*** Begin section ***
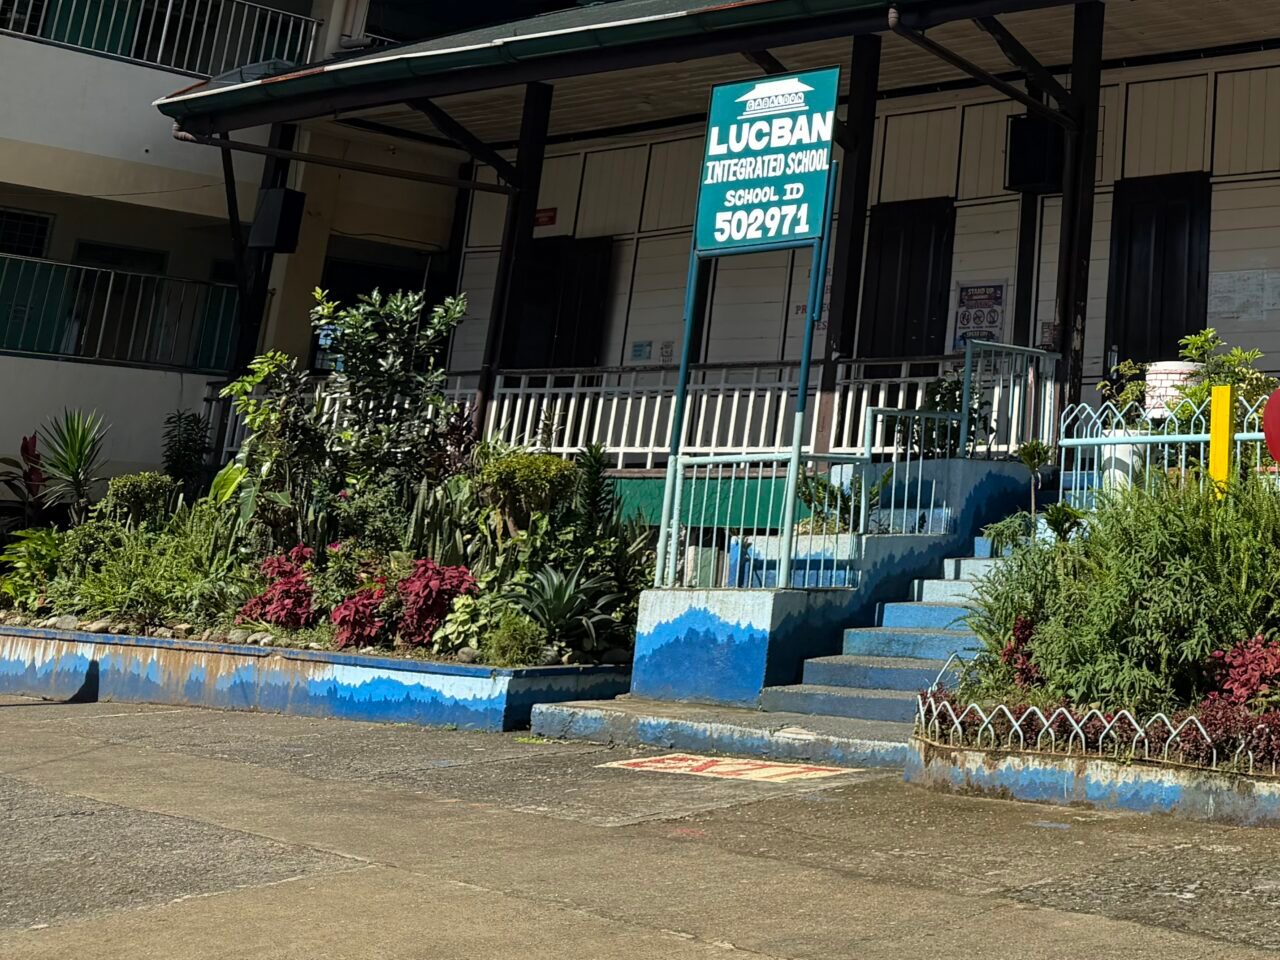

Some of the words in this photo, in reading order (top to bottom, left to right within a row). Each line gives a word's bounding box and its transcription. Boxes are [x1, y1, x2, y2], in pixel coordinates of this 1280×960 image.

[747, 93, 804, 110] GABALDON
[708, 111, 834, 155] LUCBAN
[704, 153, 785, 184] INTEGRATED
[785, 148, 829, 175] SCHOOL
[724, 186, 779, 207] SCHOOL
[783, 182, 804, 200] ID
[714, 203, 809, 242] 502971
[1209, 384, 1234, 499] I
*** End section ***
» About this exercise: Give all the records again, exactly, without images.

» Task answer:
Some of the words in this photo, in reading order (top to bottom, left to right within a row). Each line gives a word's bounding box and its transcription. Boxes are [x1, y1, x2, y2], in pixel coordinates of this 1280×960 image.

[747, 93, 804, 110] GABALDON
[708, 111, 834, 155] LUCBAN
[704, 153, 785, 184] INTEGRATED
[785, 148, 829, 175] SCHOOL
[724, 186, 779, 207] SCHOOL
[783, 182, 804, 200] ID
[714, 203, 809, 242] 502971
[1209, 384, 1234, 499] I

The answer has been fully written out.